Brazil: COPOM chops key interest rate to new record low in June; leaves door open for additional easing
At its 16–17 June meeting, the Central Bank of Brazil’s Monetary Policy Committee (COPOM) unanimously decided to chop the benchmark SELIC interest rate from 3.00% to a new historical low of 2.25%. The move, which was widely expected by market analysts, marked the eight-consecutive cut since July 2019 and the second meeting straight that the Bank axed the rate by 75 basis points.
The decision to yet again cut rates reflected the Bank’s efforts to cushion the economy from the Covid-19 crisis and below-target inflation expectations. The pandemic continues to wreak havoc on global growth despite large fiscal and monetary stimulus packages, and Brazil’s GDP shrank at the quickest rate in nearly five years in the first quarter, with incoming data suggesting the blow will be worse in the second quarter. There is also heightened uncertainty with regards to the pace of the recovery in the second half of this year.
Regarding inflation, the COPOM sees inflation coming in at 1.6% at the end of 2020 and 3.0% for the end of 2021, in a scenario based upon market expectations. Inflation is thus projected to significantly undershoot the Bank’s inflation target of 4.0% and 3.75% for 2020 and 2021, respectively. Meanwhile, the Committee continues to see risks to the outlook in both directions: Economic slack will exert downward pressures, particularly if the pandemic drags on for a longer period, while the fiscal response to the health crisis and setbacks to the reform agenda increasing risks premiums could cause upward pressure. The COPOM also added that credit stimulus and cash transfer programs could result in a smaller-than-estimated drop in aggregate demand, which would create asymmetry in the balance of risks, potentially translating into a higher-than-projected inflation trajectory.

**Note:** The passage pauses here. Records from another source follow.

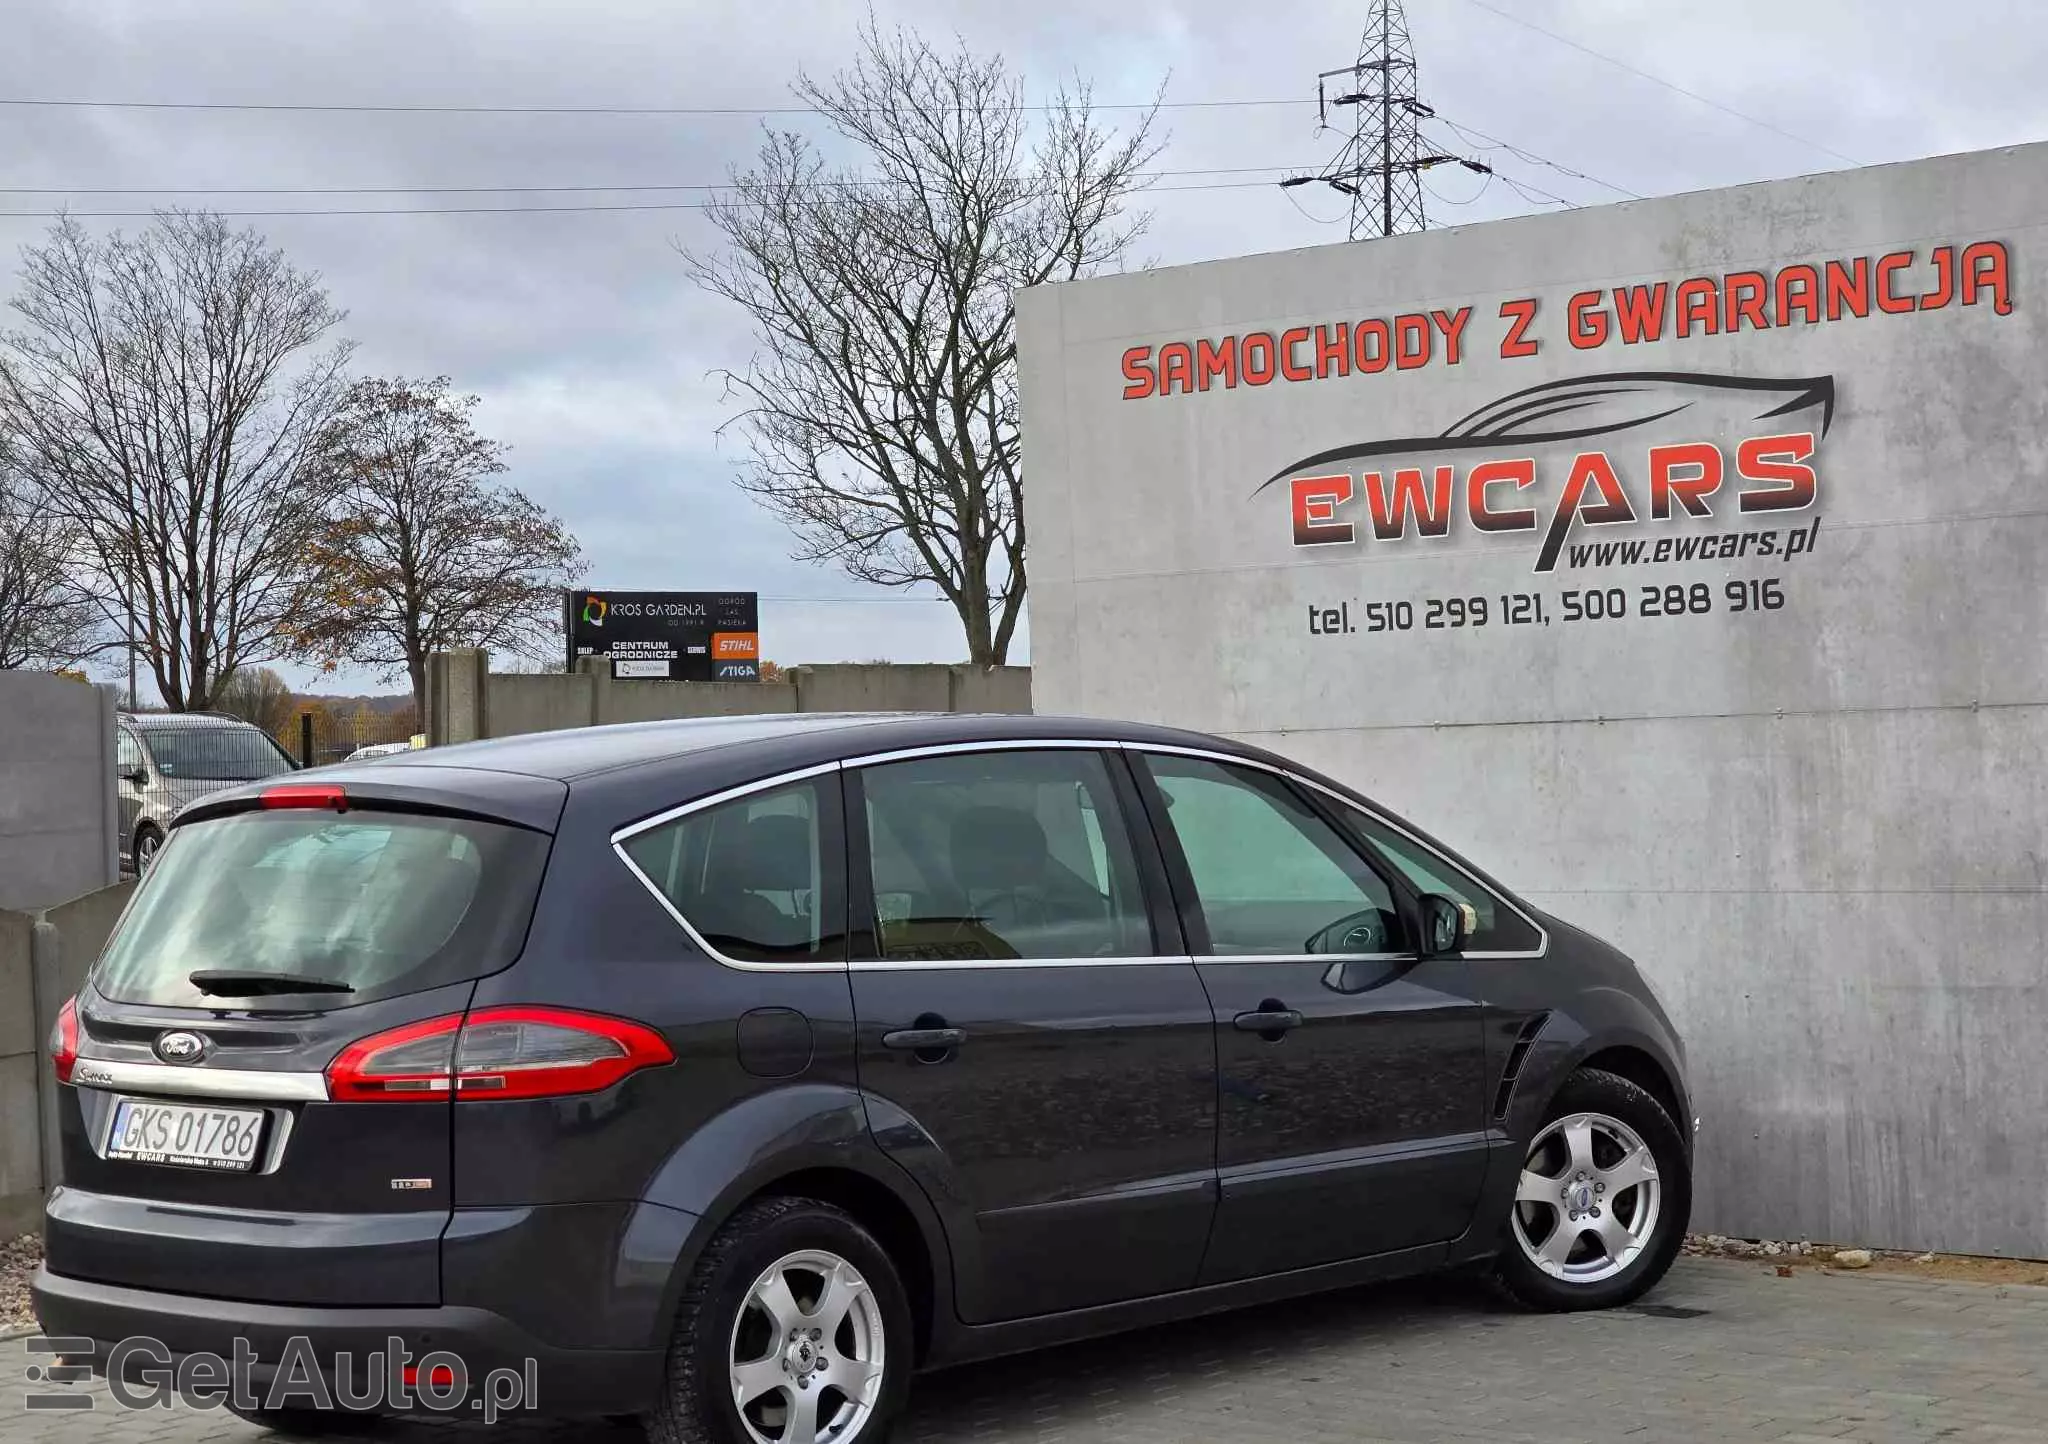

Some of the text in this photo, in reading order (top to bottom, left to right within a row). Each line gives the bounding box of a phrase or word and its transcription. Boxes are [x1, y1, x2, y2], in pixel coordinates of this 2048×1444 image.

[1122, 240, 2013, 400] SAMOCHODY Z GWARANCJĄ
[1290, 432, 1817, 573] EWCARS
[1569, 517, 1822, 569] www.ewcars.pl
[611, 603, 707, 616] KROS GARDEN.PL
[1308, 579, 1785, 635] tel. 510 299 121, 500 288 916
[612, 641, 669, 650] CENTRUM
[719, 640, 754, 651] STIHL
[603, 650, 678, 659] OGRODNICZE
[719, 666, 755, 676] STIGA
[123, 1107, 259, 1156] GKS 01786
[136, 1151, 165, 1162] EWCARS
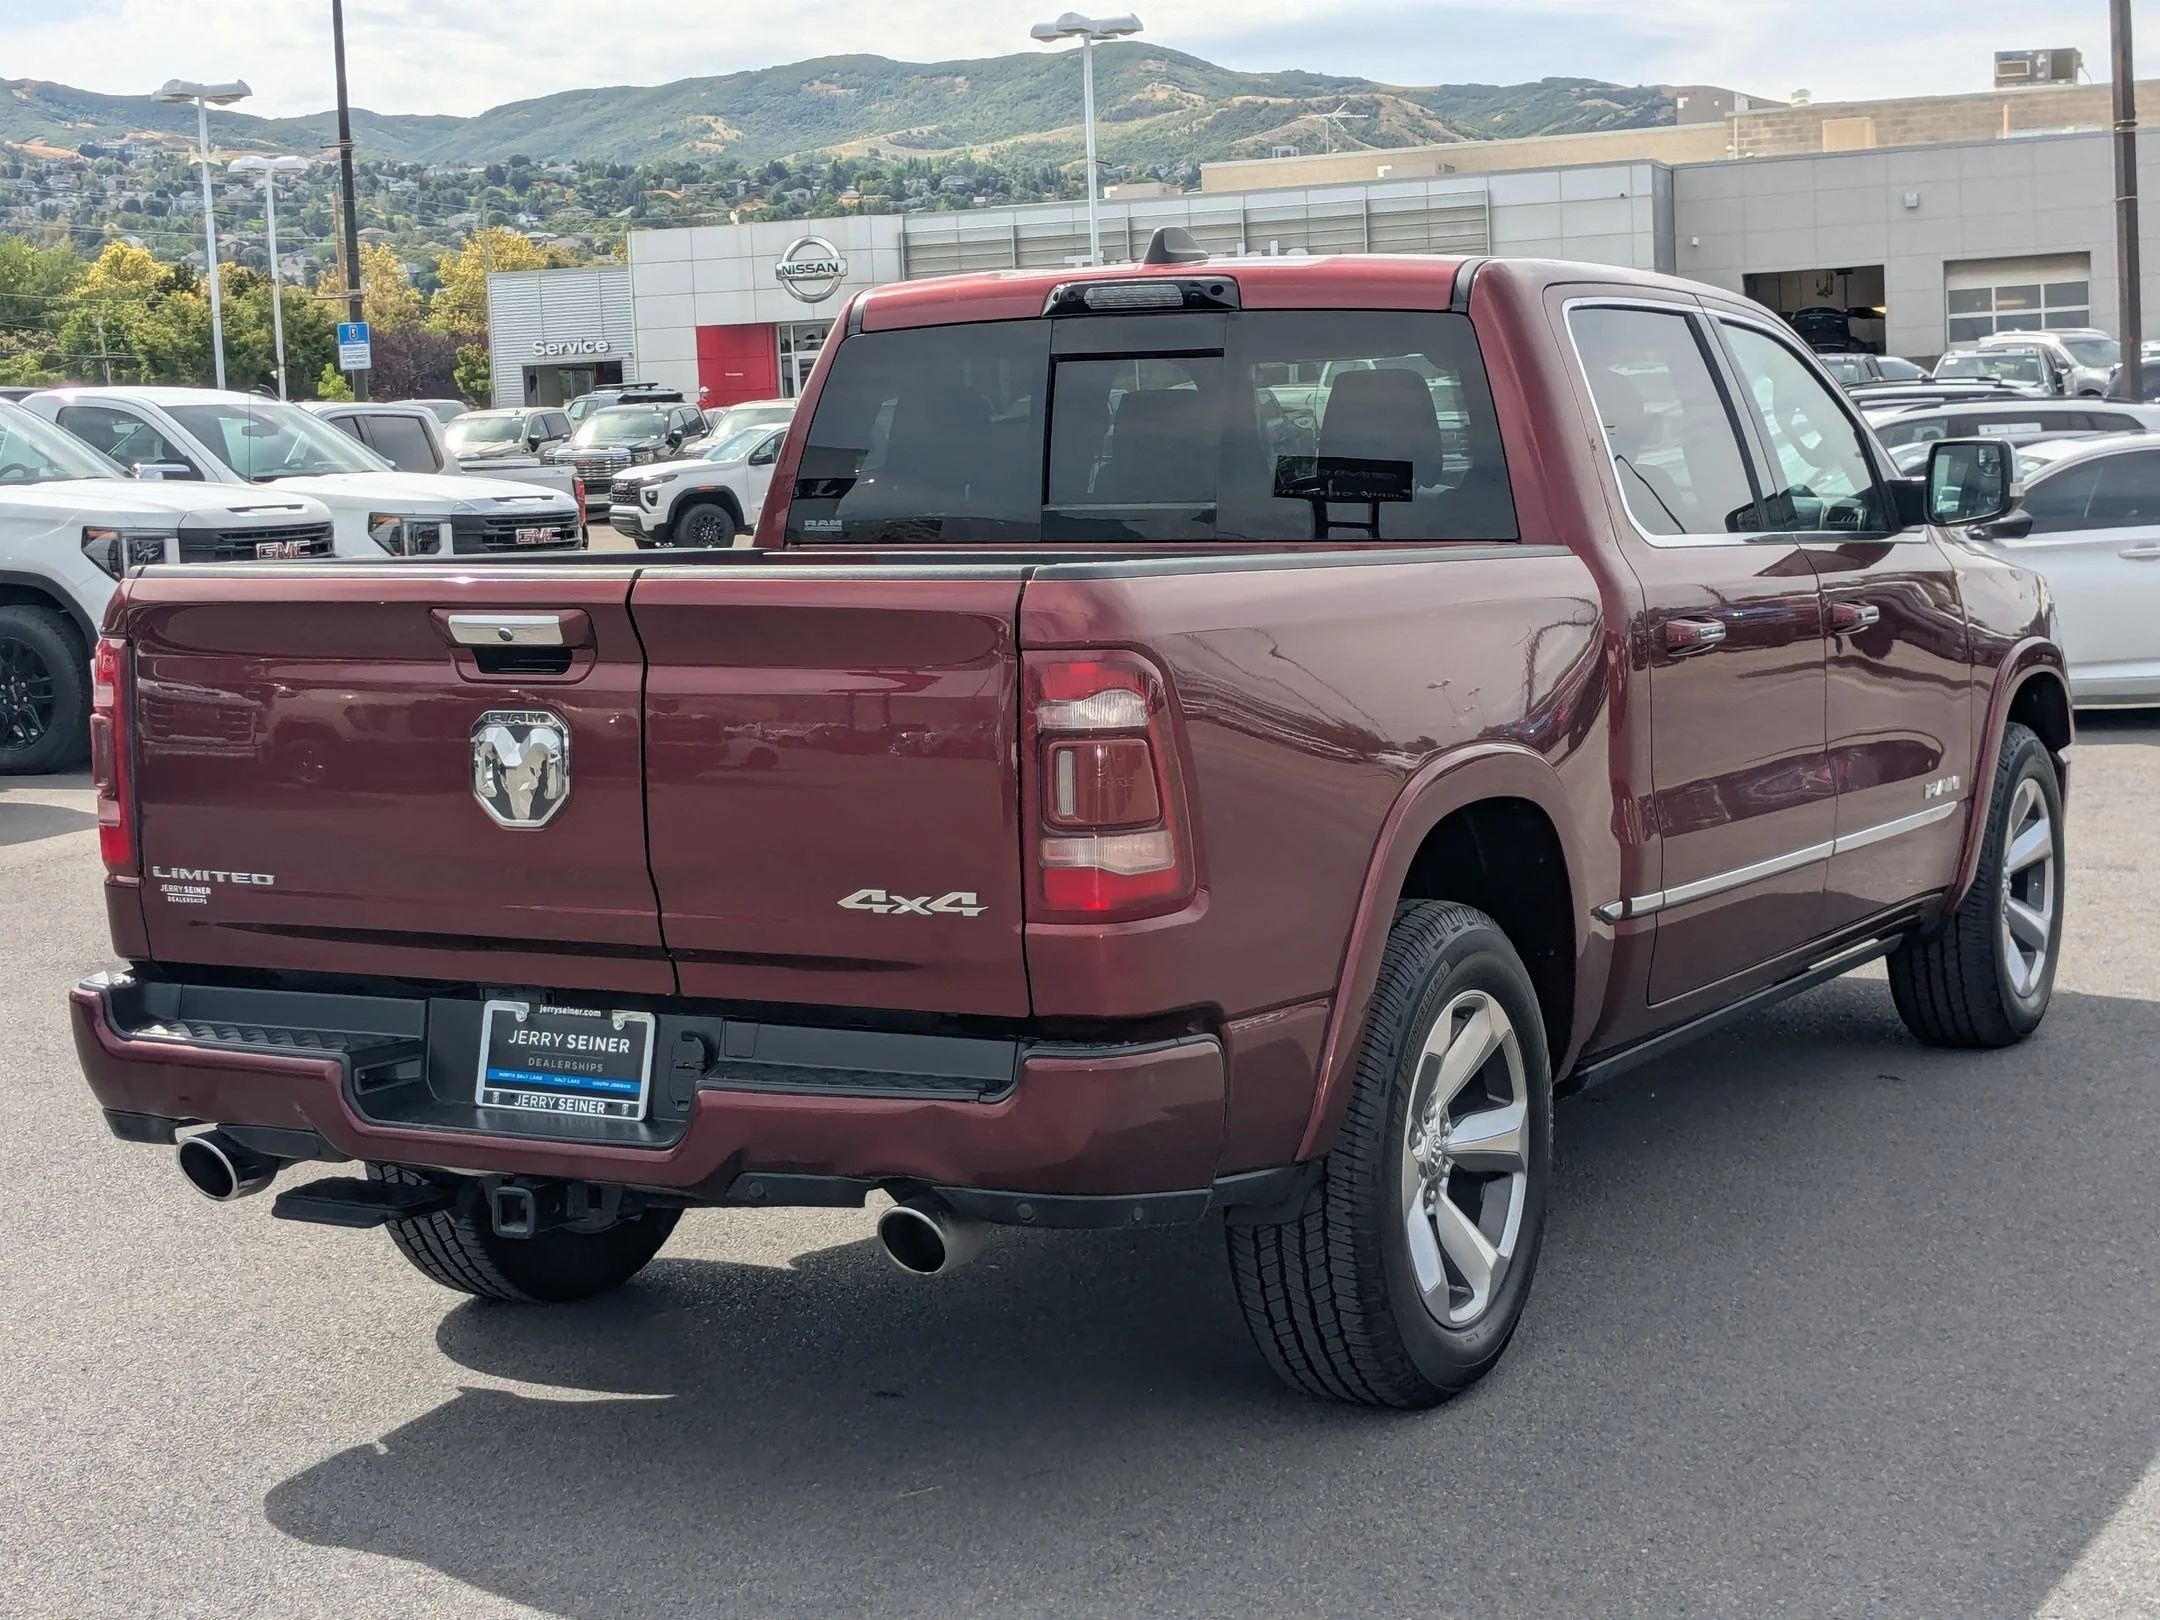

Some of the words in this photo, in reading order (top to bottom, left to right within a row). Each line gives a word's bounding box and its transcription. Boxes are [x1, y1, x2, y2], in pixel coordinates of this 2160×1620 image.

[782, 262, 839, 275] NISSAN
[532, 338, 610, 356] Service
[515, 527, 561, 544] GMC
[256, 540, 311, 560] GMC
[488, 713, 549, 725] RAM
[152, 866, 275, 885] LIMITED
[160, 884, 183, 893] JERRY
[183, 885, 212, 895] SEINER
[837, 889, 989, 916] 4x4
[539, 1004, 602, 1017] jerryseiner.com
[508, 1029, 564, 1047] JERRY
[566, 1034, 630, 1054] SEINER
[528, 1057, 604, 1073] DEALERSHIPS
[514, 1094, 556, 1109] JERRY
[558, 1098, 606, 1114] SEINER

Looking ahead, while the COPOM stated it deems the magnitude of the monetary stimulus compatible with the impact of the pandemic, suggesting that the easing cycle may be over, it still left the door open for an additional residual cut, if necessary. The Committee thus adopted a wait-and-see stance, stating incoming data on the evolution of the pandemic and a reduction in fiscal uncertainty will be essential for defining its next moves.
The monetary policy meeting is scheduled for 4–5 August.